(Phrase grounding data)
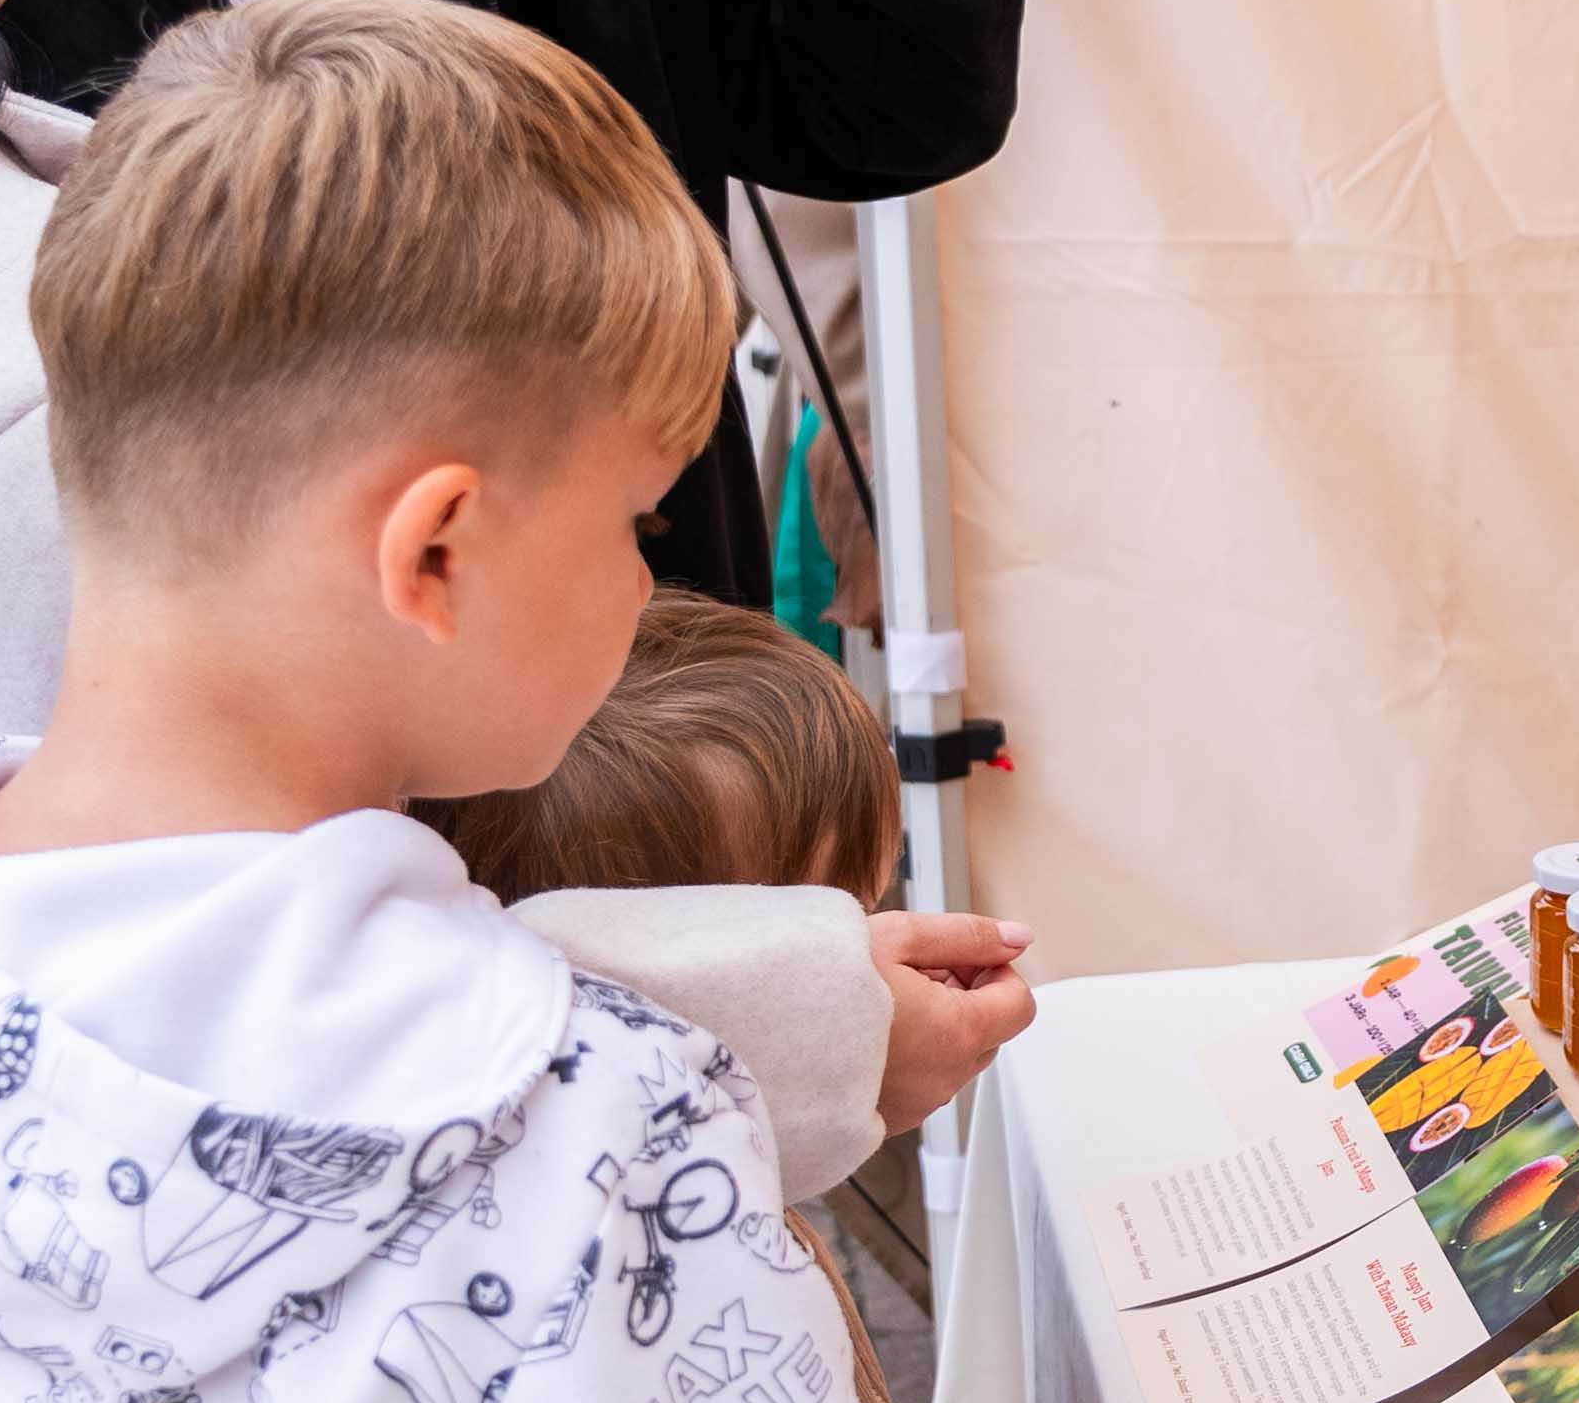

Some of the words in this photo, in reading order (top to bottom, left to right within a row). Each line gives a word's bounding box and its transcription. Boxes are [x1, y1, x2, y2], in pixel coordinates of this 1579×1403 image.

[1316, 1159, 1335, 1177] Jam
[1330, 1116, 1350, 1145] Passion
[1343, 1141, 1362, 1163] Fruit
[1356, 1165, 1376, 1193] Mango
[1365, 1259, 1386, 1283] With
[1400, 1262, 1423, 1295] Mango
[1375, 1279, 1398, 1313] Taiwan
[1411, 1291, 1433, 1313] Jam
[1390, 1310, 1417, 1348] Makauy

_WHAT NEEDS TO BE DONE_
All of the data is to be returned exactly, with no pictures included.

_TASK RESPONSE_
Some of the words in this photo, in reading order (top to bottom, left to right within a row). Each line gives a word's bounding box and its transcription. Boxes are [x1, y1, x2, y2], in pixel coordinates of this 1579×1403 image.

[1316, 1159, 1335, 1177] Jam
[1330, 1116, 1350, 1145] Passion
[1343, 1141, 1362, 1163] Fruit
[1356, 1165, 1376, 1193] Mango
[1365, 1259, 1386, 1283] With
[1400, 1262, 1423, 1295] Mango
[1375, 1279, 1398, 1313] Taiwan
[1411, 1291, 1433, 1313] Jam
[1390, 1310, 1417, 1348] Makauy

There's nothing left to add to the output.